Auden said: ‘The ideal audience the poet imagines consists of the beautiful who go to bed with him, the powerful who invite him to dinner and tell him secrets of state, and his fellow-poets.
Auden said: ‘The ideal audience the poet imagines consists of the beautiful who go to bed with him, the powerful who invite him to dinner and tell him secrets of state, and his fellow-poets. The actual audience he gets consists of myopic schoolteachers, pimply young men who eat in cafeterias, and his fellow poets. This means, in fact, he writes for his fellow poets.’ Certainly Auden’s The Age of Anxiety, which was first published in 1947, is seldom understood except by other poets. As with Proust’s seven-volume novel, far more readers begin this six-part poem than finish it. It is, concedes Alan Jacobs, the editor of a smart new edition, ‘extraordinarily famous for a book so little read; or, extraordinarily little read for a book so famous.’
One obstacle is the misleading title.
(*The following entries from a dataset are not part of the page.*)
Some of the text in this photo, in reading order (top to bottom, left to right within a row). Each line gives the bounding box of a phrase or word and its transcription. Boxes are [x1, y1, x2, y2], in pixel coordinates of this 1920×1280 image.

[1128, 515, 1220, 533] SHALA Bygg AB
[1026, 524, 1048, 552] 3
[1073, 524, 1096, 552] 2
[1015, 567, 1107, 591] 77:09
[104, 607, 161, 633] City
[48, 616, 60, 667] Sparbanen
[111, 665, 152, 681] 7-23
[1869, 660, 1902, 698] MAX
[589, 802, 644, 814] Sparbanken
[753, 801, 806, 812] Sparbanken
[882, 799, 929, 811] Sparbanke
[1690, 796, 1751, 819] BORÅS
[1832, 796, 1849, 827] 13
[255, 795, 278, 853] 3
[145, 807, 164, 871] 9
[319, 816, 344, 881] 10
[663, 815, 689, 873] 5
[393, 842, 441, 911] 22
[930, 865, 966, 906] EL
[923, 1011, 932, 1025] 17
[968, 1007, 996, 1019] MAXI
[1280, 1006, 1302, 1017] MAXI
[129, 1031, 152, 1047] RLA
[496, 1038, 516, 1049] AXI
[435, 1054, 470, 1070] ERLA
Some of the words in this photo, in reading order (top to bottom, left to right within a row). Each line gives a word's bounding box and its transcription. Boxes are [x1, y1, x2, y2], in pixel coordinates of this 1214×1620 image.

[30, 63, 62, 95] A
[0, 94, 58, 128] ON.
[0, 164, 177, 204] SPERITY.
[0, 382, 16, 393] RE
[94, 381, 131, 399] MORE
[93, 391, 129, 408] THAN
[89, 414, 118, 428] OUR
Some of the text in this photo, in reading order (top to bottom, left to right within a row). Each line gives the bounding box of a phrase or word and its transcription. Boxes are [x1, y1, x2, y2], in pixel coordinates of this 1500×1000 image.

Anxiety is only obliquely Auden’s subject: by 1947 he had renounced politically propagandising poetry, and did not give the commentary on Cold War tensions that readers anticipated. The poem comprises a dialogue between four strangers who start talking in a New York bar during the final months of the second world war. Malin, a medical officer in the Canadian air force, personifies Intellect; Rosetta, a department-store buyer, personifies Feeling; Quant, a downtrodden shipping clerk, personifies Intuition; and Emble, a horny young sailor, personifies Sensation. They talk in the bar, they vanish into individual dream worlds, return to reality when the barman chucks them out, continue talking in a taxi-ride to Rosetta’s apartment, where they sing, and some dance and kiss. The descriptions of their chance meeting conjure the private emptiness and public anti-climax experienced by war victors when their enemies are vanquished.
Staginess is the poem’s surpassing theme. ‘Only animals who are below civilisation and the angels who are beyond it can be sincere’, Auden declares.
Human beings are, necessarily, actors who cannot become something before they have pretended to be it; and they can be divided, not into the hypocritical and the sincere, but into the sane who know they are acting and the mad who do not.
Countless writers have satirised human phoniness — Anthony Powell says something similar about the posturing of politicians, millionaires and poets in Books Do Furnish A Room — but Auden drenches The Age of Anxiety in ironical play and posing. The theatricality of the protagonists’ exchanges, the studied rhetoric and enveloping haze of artifice reflects the self-consciousness that Auden felt made 20th-century people so bogus. Individual passages of the poem are sumptuous, and there is thrilling wit, but the elaborateness sometimes exasperates.
Auden used amphetamines during the poem’s composition, which perhaps heightened his own anxieties. The clotted richness of his vocabulary and kaleidoscopic encyclopaedia of ideas may owe a little to Benzedrine. His allusions whizz about between Jung, Jewish mysticism, English whodunnits, Arcadian daydreams, Victorian Edens. A line is borrowed here from Eric, or Little by Little, there from Heidegger. The polymath crankiness of Arnold Toynbee’s Study of History provided the outlandish tribal names, but Auden’s sensibility supplied the ominous imagery, in such lines as:
The Arsocids and the Alonites,
The Ghuzz, the Guptas, the gloomy Krim- chaks,
The Timirids and Torguts, with terrible cries
Will drag you off to their dream retreats
To dance with your deaths till the dykes collapse.
Auden used alliteration, at times resembling an amphetamine user’s stutter, and complex poetic metres based on medieval verses: Piers Ploughman is a model, and the beautiful section beginning ‘Hushed is the lake of hawks’ is based on an old Norse verse form called dróttkvaet.
Twenty years earlier, as an Oxford undergraduate, Auden had bribed a college scout to keep quiet after he had been surprised in bed with John Betjeman. Auden dedicated The Age of Anxiety to Betjeman, not in gratitude for a one-night stand, but in acknowledgment of the Betjemanesque nostalgia and luscious imaginary landscapes that recur throughout the poem.
It ends with two protagonists, a Jewish woman and a Christian man, experiencing spiritual epiphanies — the Jewish experience less intellectualised, more eloquent and convincing than the gentile, and ending with Judaism’s most important prayer, adonai elohenu, adonai echad.
This new edition contains an elegant, unostentatious commentary by Alan Jacobs, an American professor whose previous books include a cultural history of Original Sin.